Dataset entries

======

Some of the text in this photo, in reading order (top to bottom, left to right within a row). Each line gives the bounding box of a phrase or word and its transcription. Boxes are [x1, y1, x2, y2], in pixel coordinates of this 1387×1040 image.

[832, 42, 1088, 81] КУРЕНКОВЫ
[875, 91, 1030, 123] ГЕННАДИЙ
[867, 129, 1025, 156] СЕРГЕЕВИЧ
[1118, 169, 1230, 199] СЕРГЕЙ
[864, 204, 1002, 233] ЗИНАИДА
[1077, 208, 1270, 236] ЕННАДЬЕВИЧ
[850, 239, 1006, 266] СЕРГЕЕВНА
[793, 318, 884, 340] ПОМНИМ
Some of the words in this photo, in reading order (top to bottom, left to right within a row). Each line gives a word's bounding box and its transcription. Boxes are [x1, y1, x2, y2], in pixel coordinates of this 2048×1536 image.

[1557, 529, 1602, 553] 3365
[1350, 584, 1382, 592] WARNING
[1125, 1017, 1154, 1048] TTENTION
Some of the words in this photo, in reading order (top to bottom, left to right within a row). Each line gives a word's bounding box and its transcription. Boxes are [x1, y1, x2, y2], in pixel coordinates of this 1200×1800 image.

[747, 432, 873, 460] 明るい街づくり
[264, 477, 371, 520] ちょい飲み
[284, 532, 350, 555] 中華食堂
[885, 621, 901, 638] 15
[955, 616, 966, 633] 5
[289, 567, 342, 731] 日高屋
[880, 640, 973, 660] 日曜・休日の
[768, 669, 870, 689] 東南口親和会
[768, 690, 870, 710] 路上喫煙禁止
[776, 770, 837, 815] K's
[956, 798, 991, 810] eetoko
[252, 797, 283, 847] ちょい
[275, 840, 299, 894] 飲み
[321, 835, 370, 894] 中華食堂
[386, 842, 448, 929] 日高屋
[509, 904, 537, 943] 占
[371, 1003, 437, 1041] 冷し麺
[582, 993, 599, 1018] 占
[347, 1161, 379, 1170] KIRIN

======

> _DIRECTIONS_:
Could you write out all the records exactly, please?

> _WRITTEN SOLUTION_:
Some of the text in this photo, in reading order (top to bottom, left to right within a row). Each line gives the bounding box of a phrase or word and its transcription. Boxes are [x1, y1, x2, y2], in pixel coordinates of this 1387×1040 image.

[832, 42, 1088, 81] КУРЕНКОВЫ
[875, 91, 1030, 123] ГЕННАДИЙ
[867, 129, 1025, 156] СЕРГЕЕВИЧ
[1118, 169, 1230, 199] СЕРГЕЙ
[864, 204, 1002, 233] ЗИНАИДА
[1077, 208, 1270, 236] ЕННАДЬЕВИЧ
[850, 239, 1006, 266] СЕРГЕЕВНА
[793, 318, 884, 340] ПОМНИМ
Some of the words in this photo, in reading order (top to bottom, left to right within a row). Each line gives a word's bounding box and its transcription. Boxes are [x1, y1, x2, y2], in pixel coordinates of this 2048×1536 image.

[1557, 529, 1602, 553] 3365
[1350, 584, 1382, 592] WARNING
[1125, 1017, 1154, 1048] TTENTION
Some of the words in this photo, in reading order (top to bottom, left to right within a row). Each line gives a word's bounding box and its transcription. Boxes are [x1, y1, x2, y2], in pixel coordinates of this 1200×1800 image.

[747, 432, 873, 460] 明るい街づくり
[264, 477, 371, 520] ちょい飲み
[284, 532, 350, 555] 中華食堂
[885, 621, 901, 638] 15
[955, 616, 966, 633] 5
[289, 567, 342, 731] 日高屋
[880, 640, 973, 660] 日曜・休日の
[768, 669, 870, 689] 東南口親和会
[768, 690, 870, 710] 路上喫煙禁止
[776, 770, 837, 815] K's
[956, 798, 991, 810] eetoko
[252, 797, 283, 847] ちょい
[275, 840, 299, 894] 飲み
[321, 835, 370, 894] 中華食堂
[386, 842, 448, 929] 日高屋
[509, 904, 537, 943] 占
[371, 1003, 437, 1041] 冷し麺
[582, 993, 599, 1018] 占
[347, 1161, 379, 1170] KIRIN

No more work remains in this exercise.